Customisability, sustainability and freedom were the main reasons for me.
The absolute key thing is that I get to control the hardware and I get to make the decisions that affect how I experience it, and that I get these freedoms as intended use cases of the device, rather than as aftermarket, reverse-engineered hacks.
Smartphones are to some extent only useful as far as you rely upon them in your day-to-day life. When usefulness breeds reliance, you need reliability. But mainstream phones cannot be relied upon. They are controlled by the manufacturers, OS vendors and app vendors, not the users. These landlord-like entities can change the functionality and user interfaces on a whim. User customisation is difficult and unnecessarily limited. Users are corralled into brand experiences.
And as if that wasn’t enough, the whole operating system of these other phones can be abandoned and stop receiving security updates just a few years after purchase, usually with no realistic possibility to install a different one.
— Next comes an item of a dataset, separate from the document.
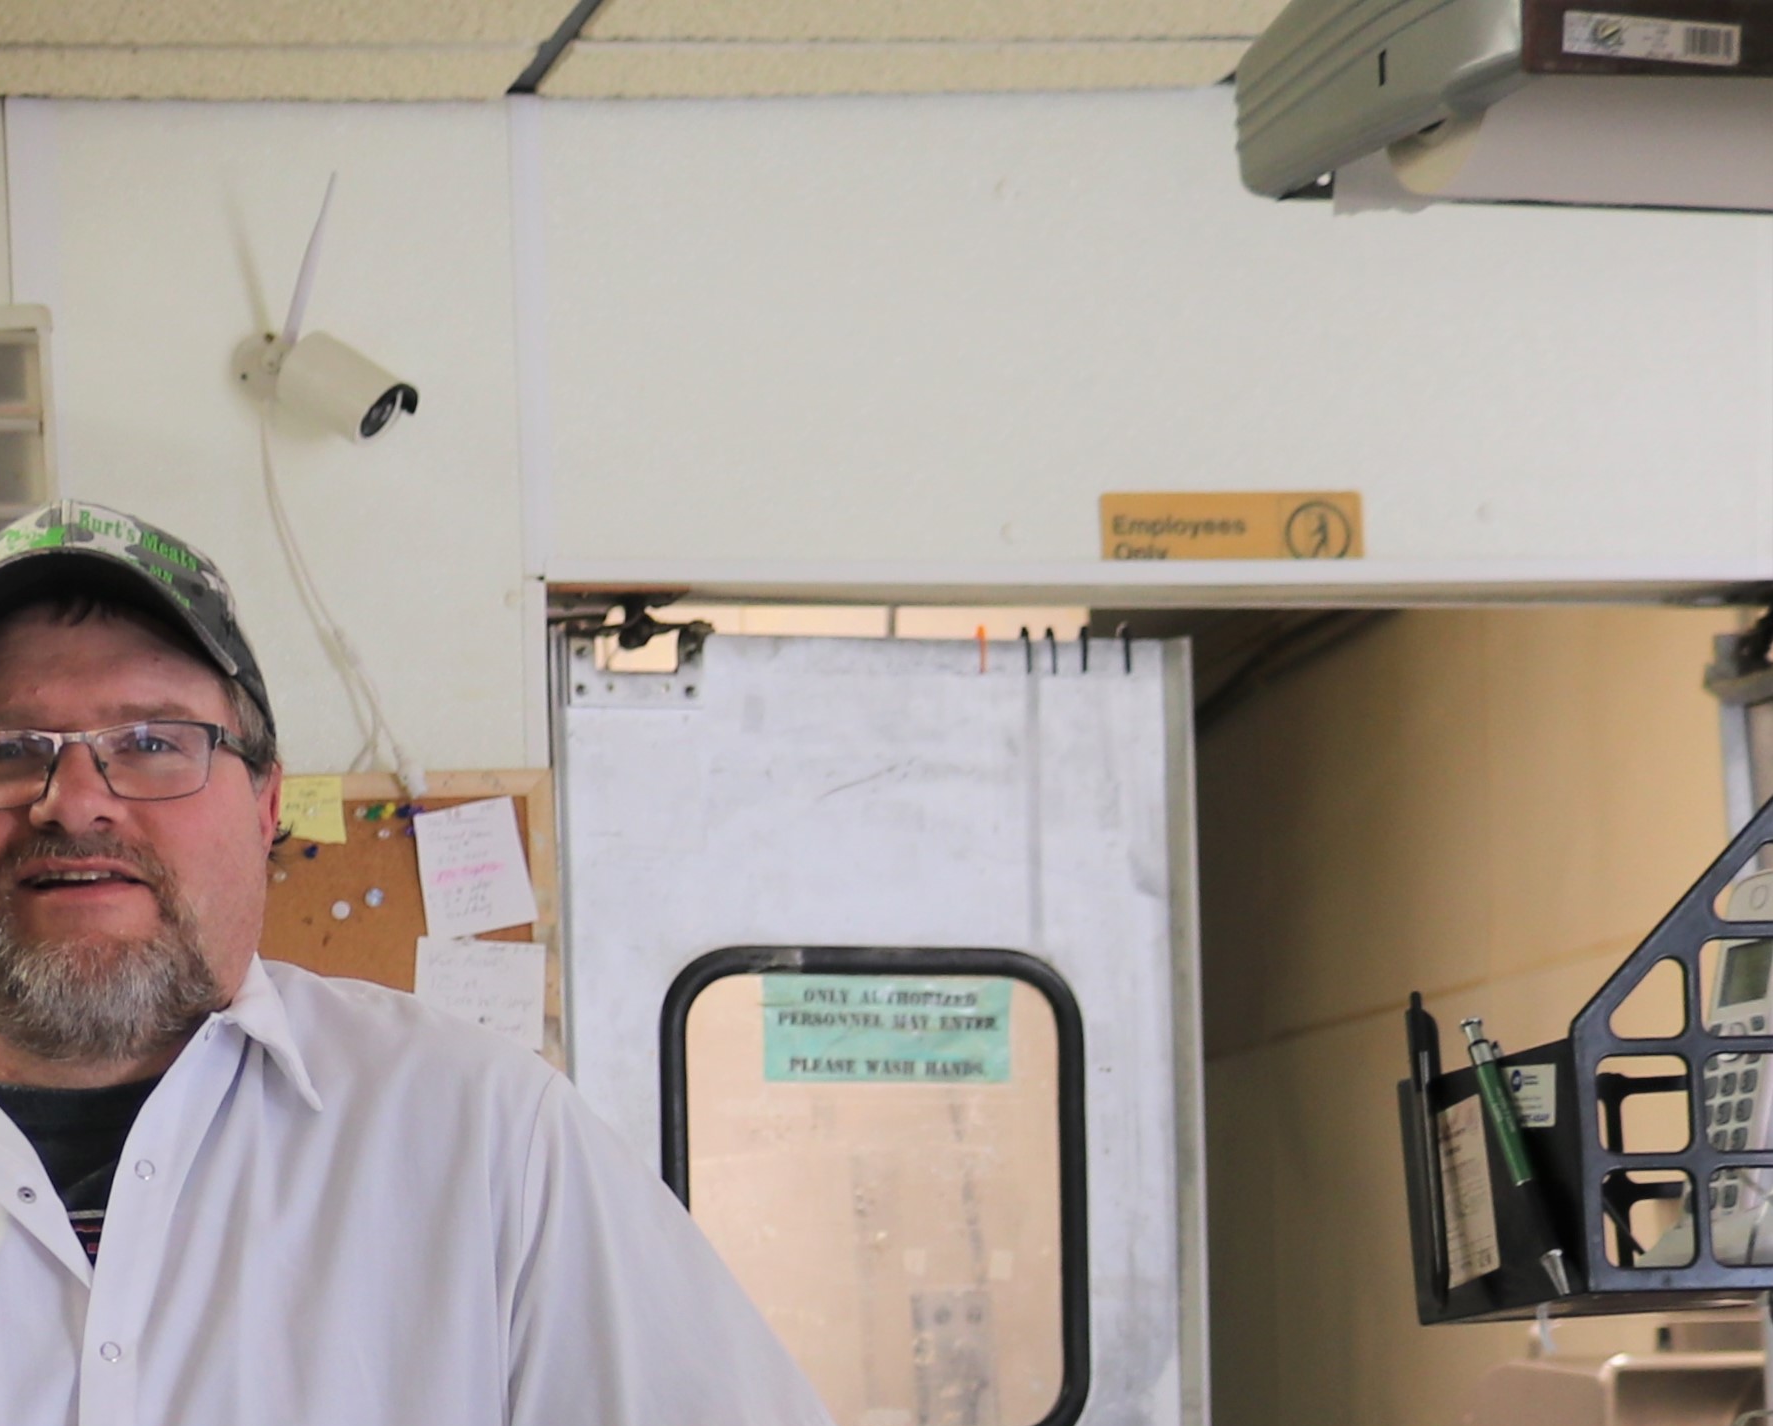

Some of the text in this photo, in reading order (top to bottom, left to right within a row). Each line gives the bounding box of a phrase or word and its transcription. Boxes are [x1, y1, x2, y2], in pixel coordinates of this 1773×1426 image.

That, to me, is not a useful device. That is a liability. The moment you make it useful to yourself by depending upon it, you become a slave to these third parties. I chose to avoid that and have therefore never owned such a device.
To my mind, a smartphone ought to be personal, like a room in your own home. Instead, it’s often more like a room in a chain hotel. You can rearrange the furniture a little, and bring your own possessions with you; maybe put up a couple of posters if you’re careful; but you can’t redecorate or start drilling holes in the wall to put up some shelves and the housekeeping staff keep coming in and moving your stuff.
For these reasons, the Librem 5 is the first smartphone that I have felt is worth the cost of purchase, and the first I’ll own.
A big part of that is that it will run a standard, Linux based operating system with a mainline kernel. It’s a sensible way to do convergence, and it provides a nice, well-known, well-understood and well-supported modular platform for application software, system software and customisations. @johan-bjareholt summed up some of my feelings about Android better than I ever could.